YOUR GOAL: Copy all records exactly; omit pictures.

DATA SUPPLIED:
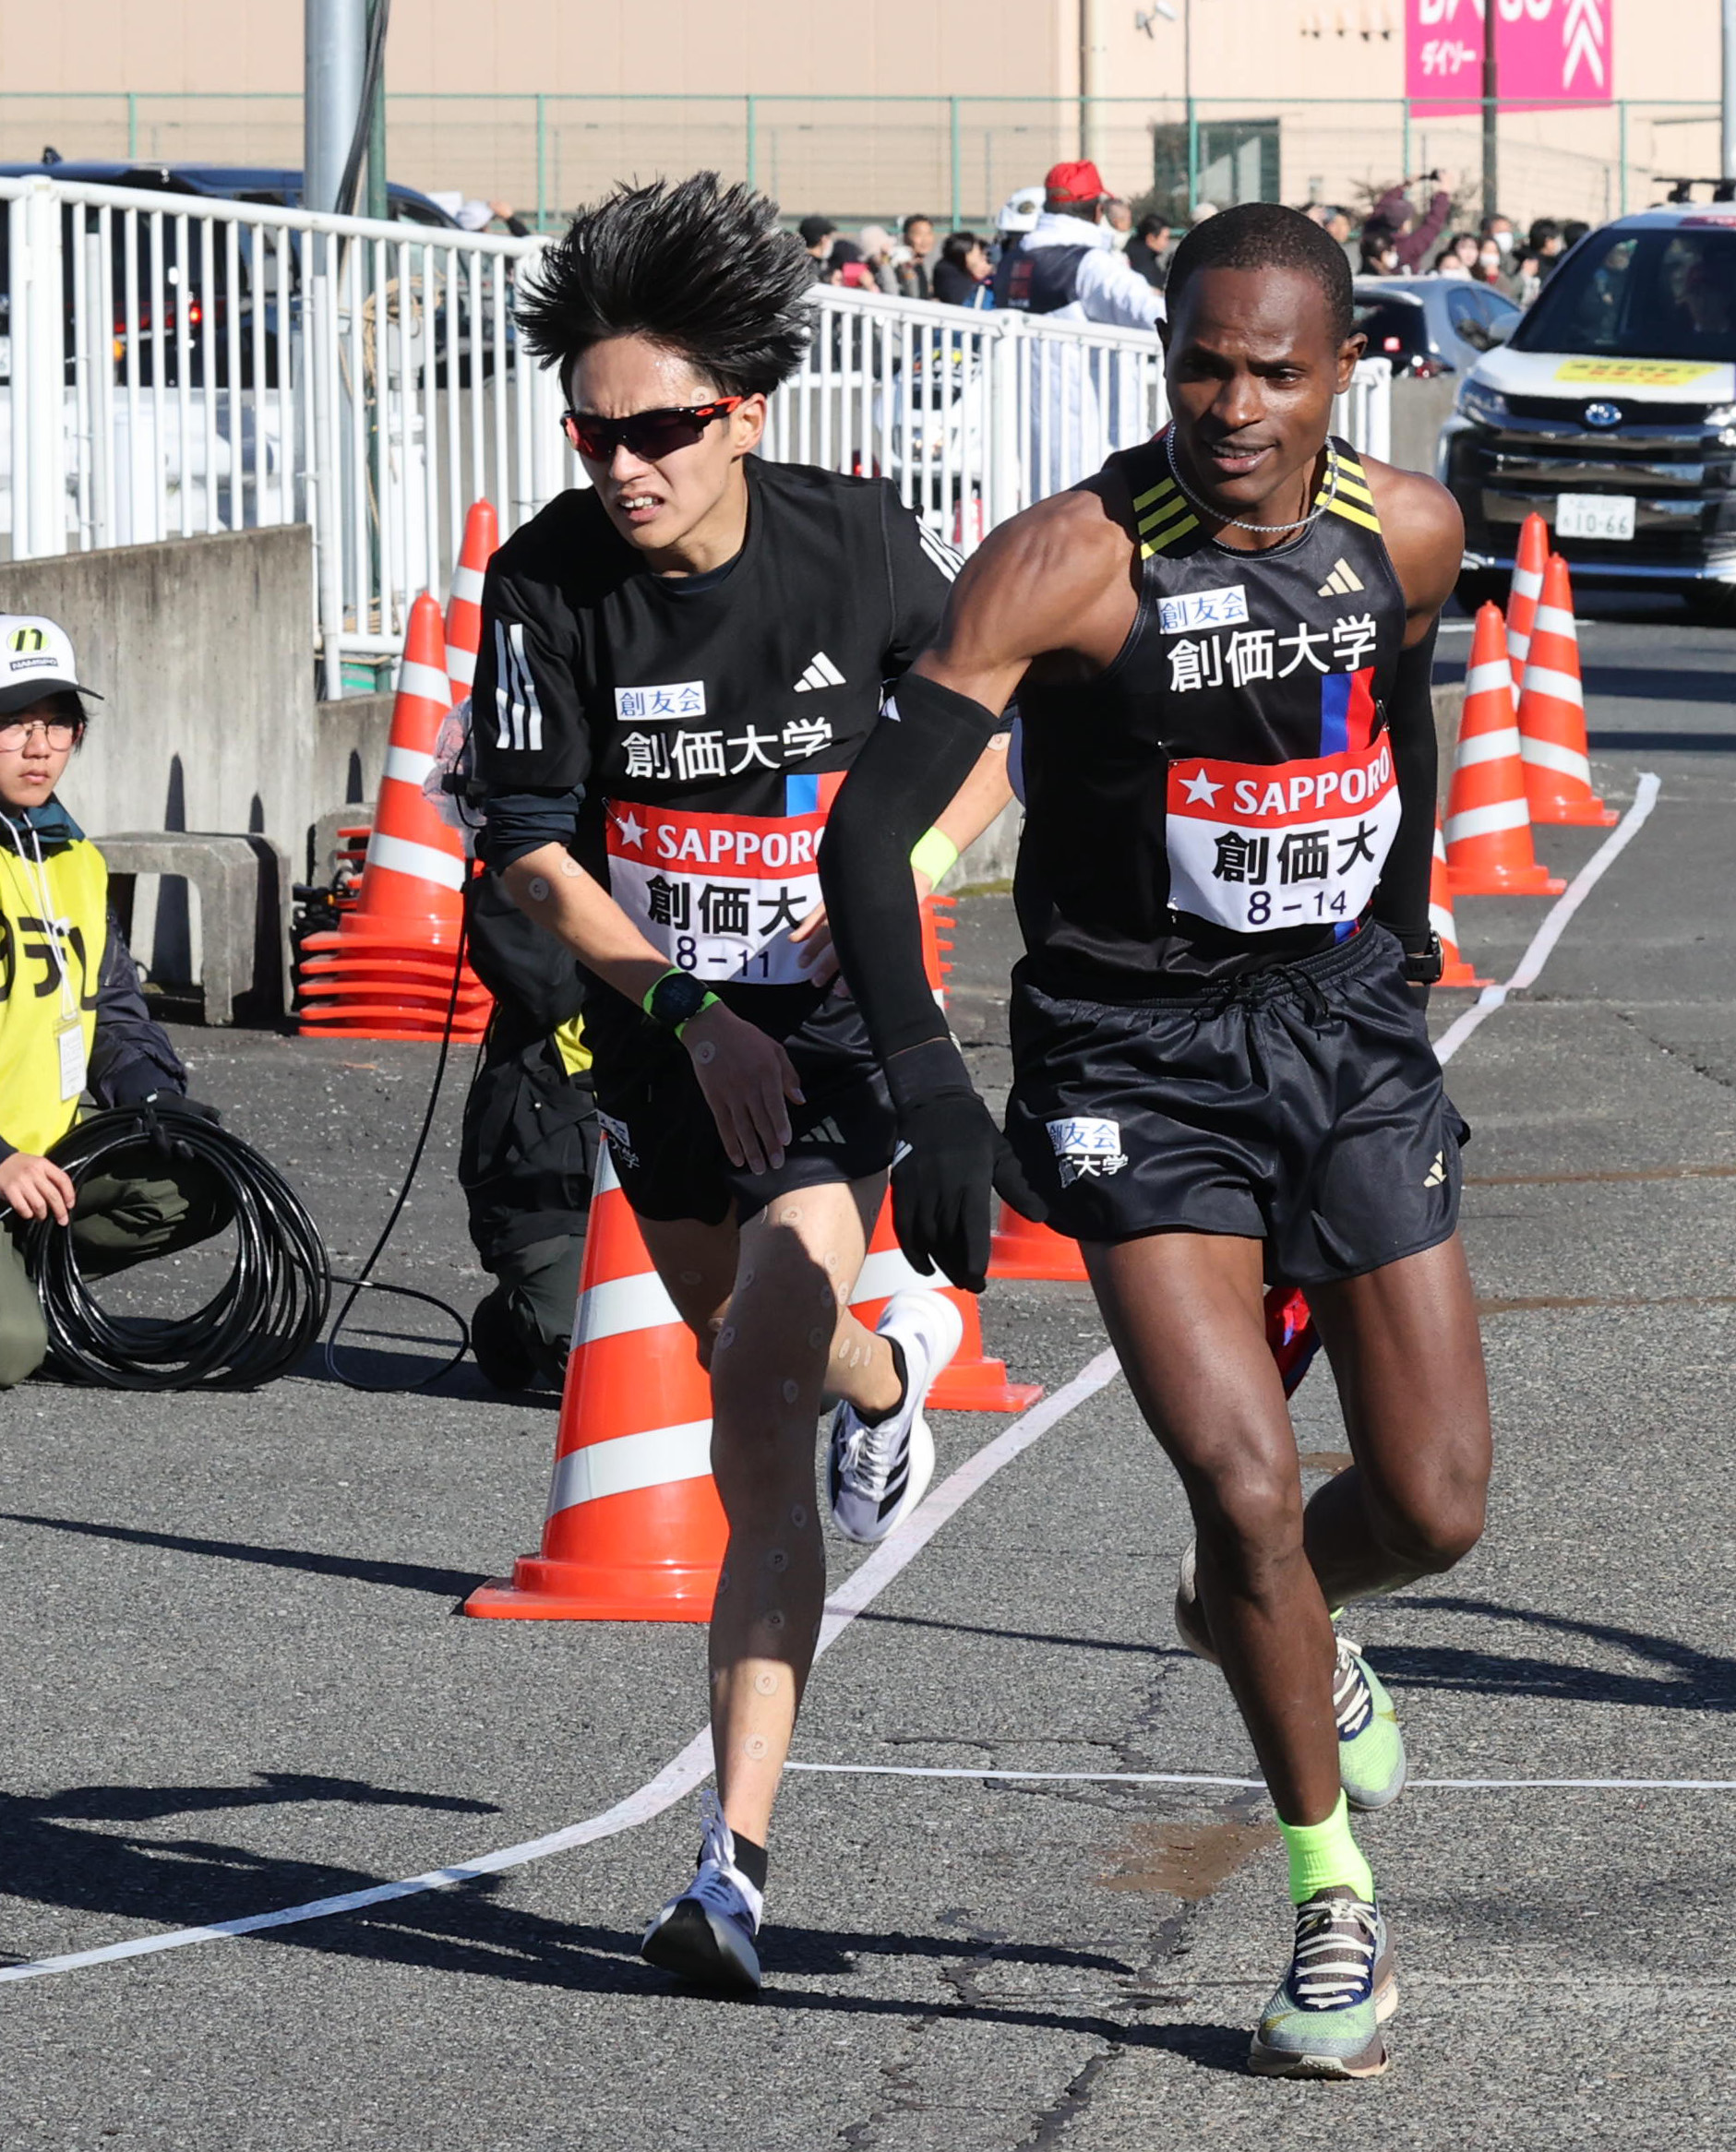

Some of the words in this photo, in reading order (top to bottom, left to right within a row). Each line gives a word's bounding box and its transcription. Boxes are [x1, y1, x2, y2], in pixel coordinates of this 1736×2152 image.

[1420, 40, 1476, 75] ダイソー
[1161, 592, 1245, 629] 創友会
[1167, 613, 1376, 692] 創価大学
[619, 687, 701, 717] 創友会
[621, 716, 833, 781] 創価大学
[1232, 746, 1390, 816] SAPPORO
[656, 824, 825, 868] SAPPOR
[1212, 820, 1379, 886] 創価大
[646, 873, 808, 937] 創価大
[1247, 890, 1347, 925] 8-14
[676, 935, 770, 978] 8-11

TASK ANSWER:
Some of the words in this photo, in reading order (top to bottom, left to right within a row). Each line gives a word's bounding box and its transcription. Boxes are [x1, y1, x2, y2], in pixel coordinates of this 1736×2152 image.

[1420, 40, 1476, 75] ダイソー
[1161, 592, 1245, 629] 創友会
[1167, 613, 1376, 692] 創価大学
[619, 687, 701, 717] 創友会
[621, 716, 833, 781] 創価大学
[1232, 746, 1390, 816] SAPPORO
[656, 824, 825, 868] SAPPOR
[1212, 820, 1379, 886] 創価大
[646, 873, 808, 937] 創価大
[1247, 890, 1347, 925] 8-14
[676, 935, 770, 978] 8-11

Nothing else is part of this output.